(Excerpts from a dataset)

---*---

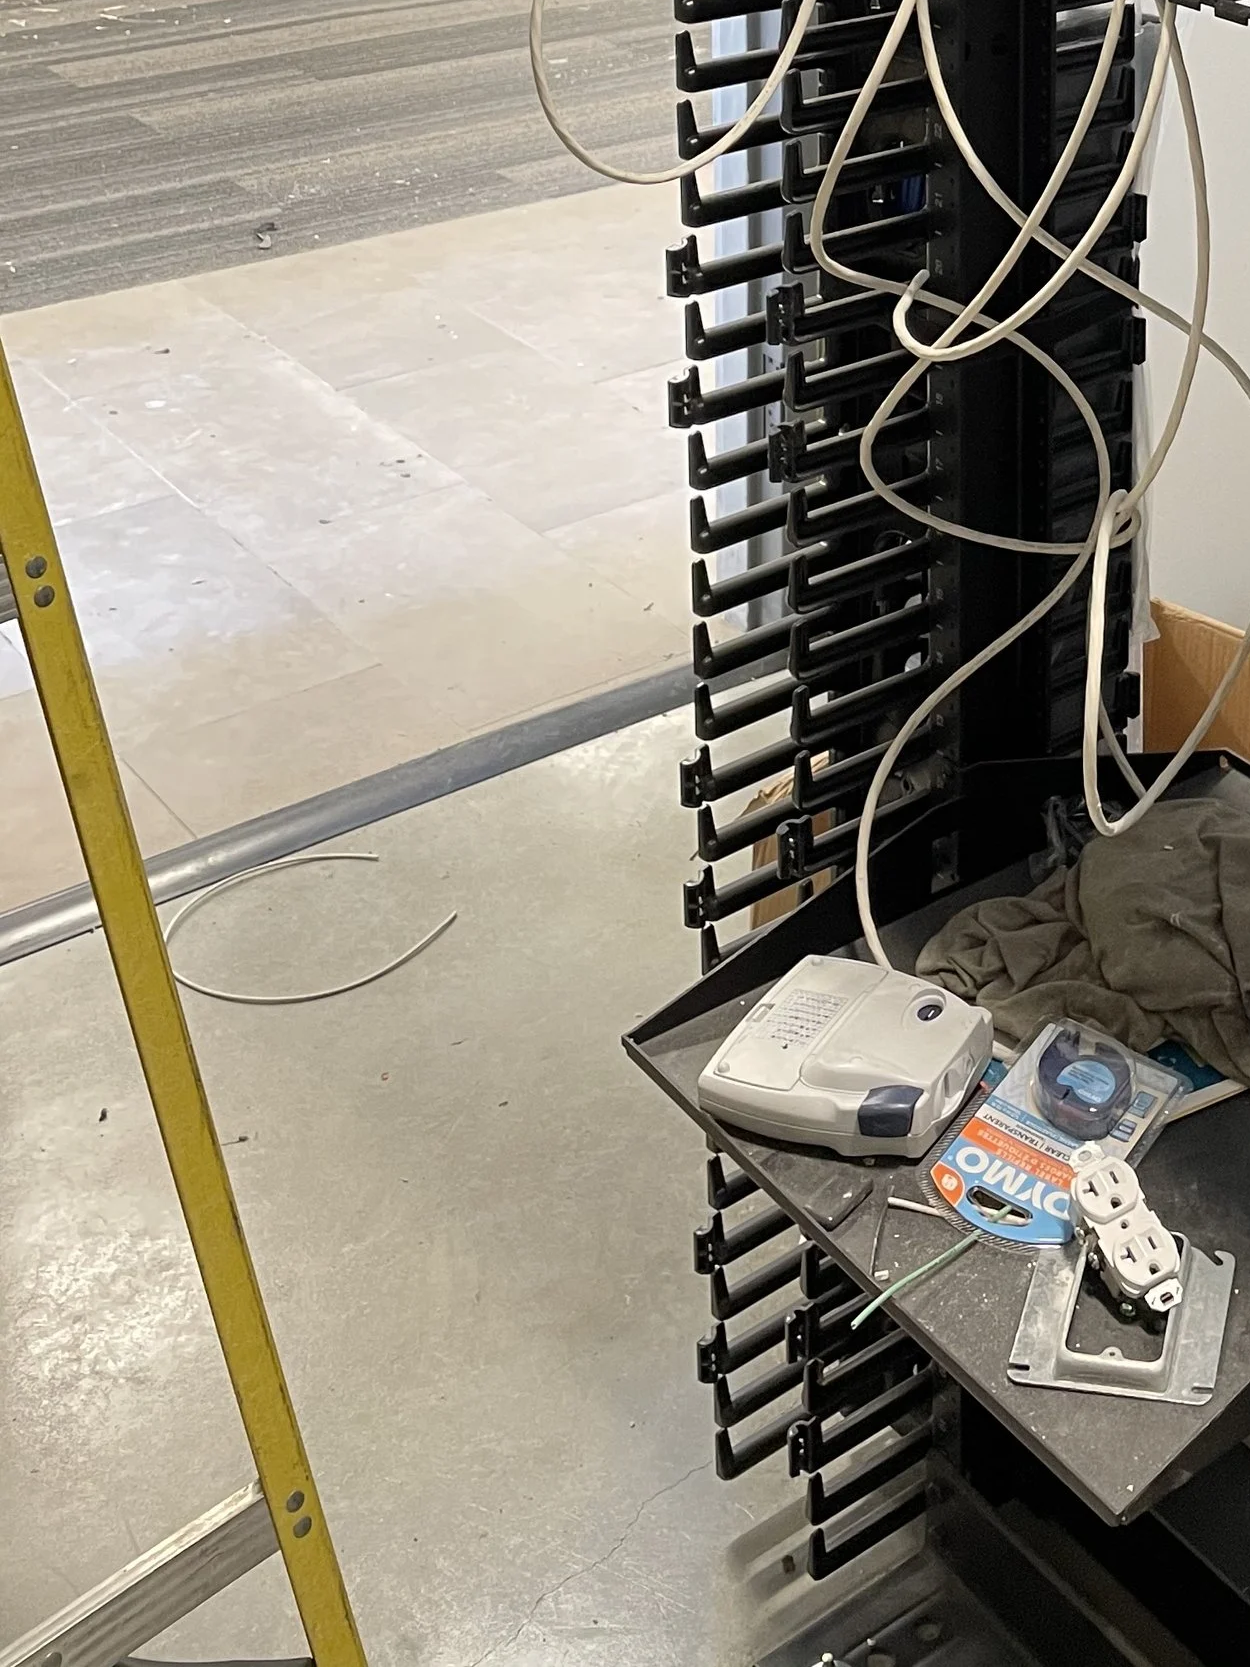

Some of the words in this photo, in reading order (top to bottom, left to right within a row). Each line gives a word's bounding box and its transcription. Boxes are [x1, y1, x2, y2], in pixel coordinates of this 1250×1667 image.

[983, 1113, 1043, 1148] TRANSPARENT
[1047, 1146, 1070, 1162] CLEAR
[955, 1146, 1071, 1221] DYMO
[1034, 1167, 1065, 1187] LABEL

---*---

Your task:
Please set down each entry word for word, without its images.

Completed exercise:
Some of the words in this photo, in reading order (top to bottom, left to right within a row). Each line gives a word's bounding box and its transcription. Boxes are [x1, y1, x2, y2], in pixel coordinates of this 1250×1667 image.

[983, 1113, 1043, 1148] TRANSPARENT
[1047, 1146, 1070, 1162] CLEAR
[955, 1146, 1071, 1221] DYMO
[1034, 1167, 1065, 1187] LABEL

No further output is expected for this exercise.